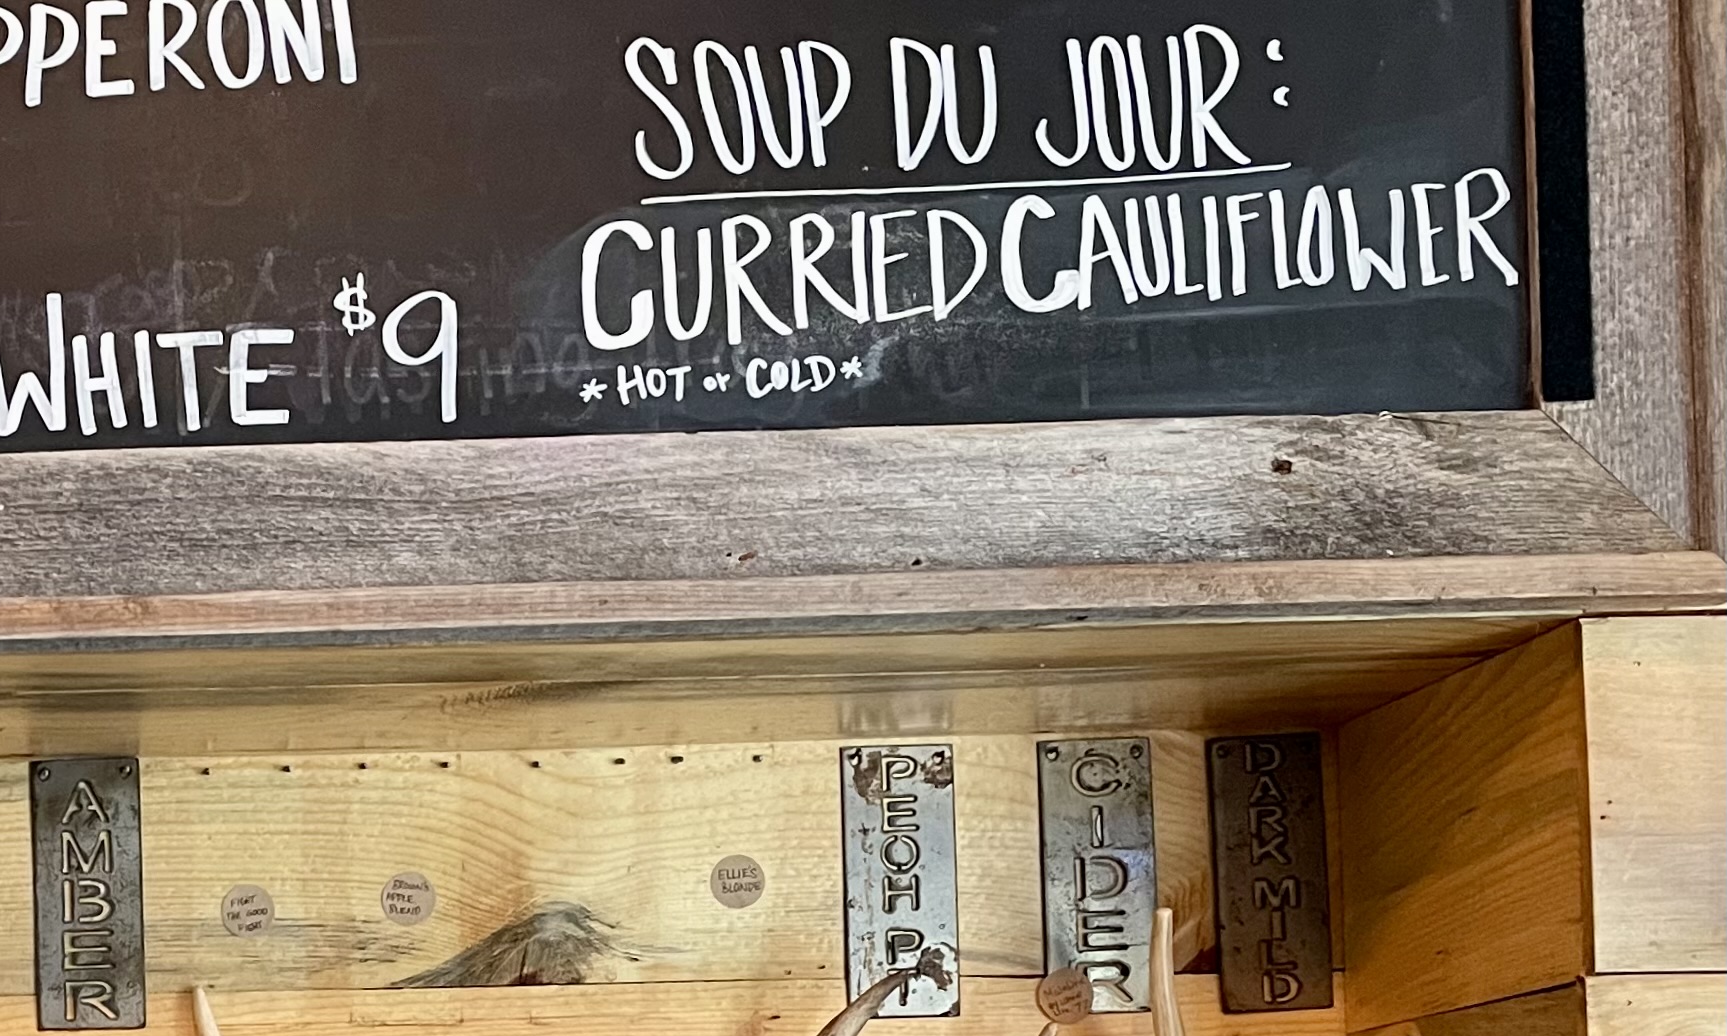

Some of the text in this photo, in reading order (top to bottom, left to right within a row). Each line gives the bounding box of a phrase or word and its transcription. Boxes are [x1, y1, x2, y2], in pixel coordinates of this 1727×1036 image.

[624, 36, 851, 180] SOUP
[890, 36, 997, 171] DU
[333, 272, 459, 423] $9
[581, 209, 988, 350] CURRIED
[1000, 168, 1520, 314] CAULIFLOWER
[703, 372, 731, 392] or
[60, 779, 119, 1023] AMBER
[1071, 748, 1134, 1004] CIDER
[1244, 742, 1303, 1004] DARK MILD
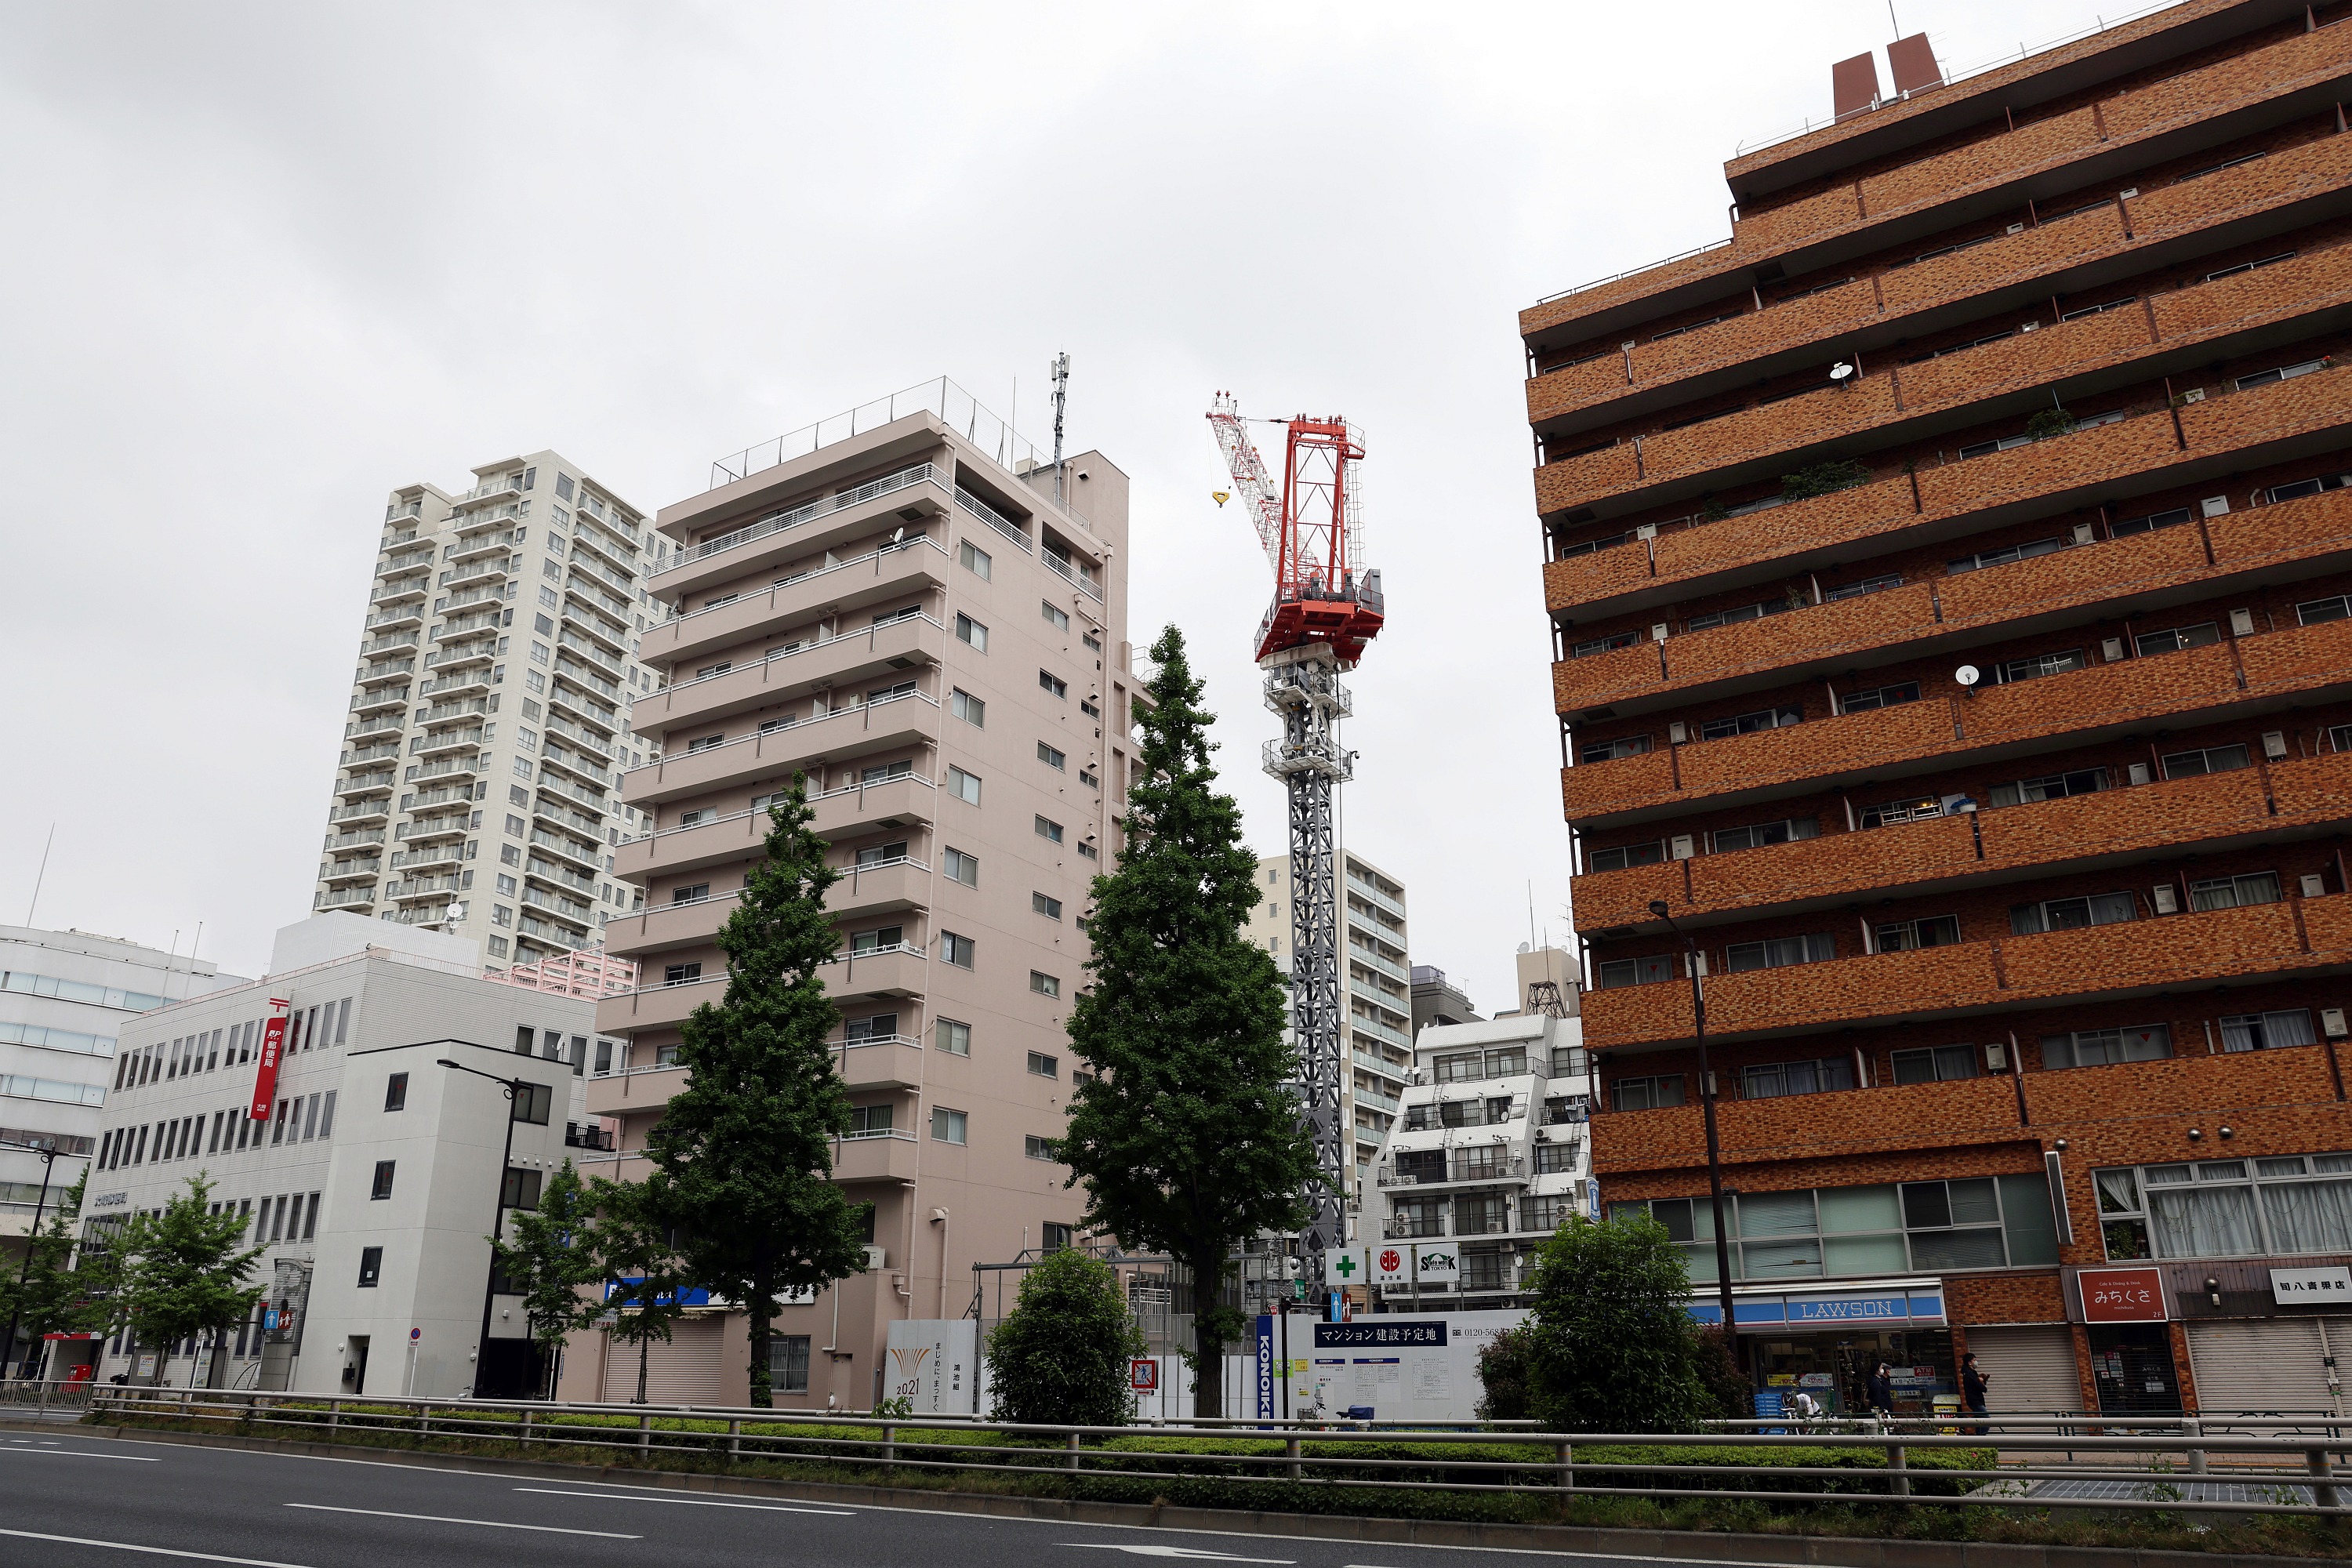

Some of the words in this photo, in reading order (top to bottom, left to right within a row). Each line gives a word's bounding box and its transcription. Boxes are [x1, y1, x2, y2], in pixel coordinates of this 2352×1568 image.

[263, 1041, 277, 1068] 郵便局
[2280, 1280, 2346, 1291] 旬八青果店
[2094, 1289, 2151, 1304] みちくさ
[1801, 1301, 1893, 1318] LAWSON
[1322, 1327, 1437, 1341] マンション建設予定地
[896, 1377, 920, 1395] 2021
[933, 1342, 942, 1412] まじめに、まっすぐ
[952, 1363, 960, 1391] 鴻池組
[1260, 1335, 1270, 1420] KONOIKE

### GOAL OF THE EXERCISE
Please print all the data above word for word. Pictures should not appear in the copy.

### COMPLETED EXERCISE
Some of the text in this photo, in reading order (top to bottom, left to right within a row). Each line gives the bounding box of a phrase or word and its transcription. Boxes are [x1, y1, x2, y2], in pixel coordinates of this 1727×1036 image.

[624, 36, 851, 180] SOUP
[890, 36, 997, 171] DU
[333, 272, 459, 423] $9
[581, 209, 988, 350] CURRIED
[1000, 168, 1520, 314] CAULIFLOWER
[703, 372, 731, 392] or
[60, 779, 119, 1023] AMBER
[1071, 748, 1134, 1004] CIDER
[1244, 742, 1303, 1004] DARK MILD

Some of the words in this photo, in reading order (top to bottom, left to right within a row). Each line gives a word's bounding box and its transcription. Boxes are [x1, y1, x2, y2], in pixel coordinates of this 2352×1568 image.

[263, 1041, 277, 1068] 郵便局
[2280, 1280, 2346, 1291] 旬八青果店
[2094, 1289, 2151, 1304] みちくさ
[1801, 1301, 1893, 1318] LAWSON
[1322, 1327, 1437, 1341] マンション建設予定地
[896, 1377, 920, 1395] 2021
[933, 1342, 942, 1412] まじめに、まっすぐ
[952, 1363, 960, 1391] 鴻池組
[1260, 1335, 1270, 1420] KONOIKE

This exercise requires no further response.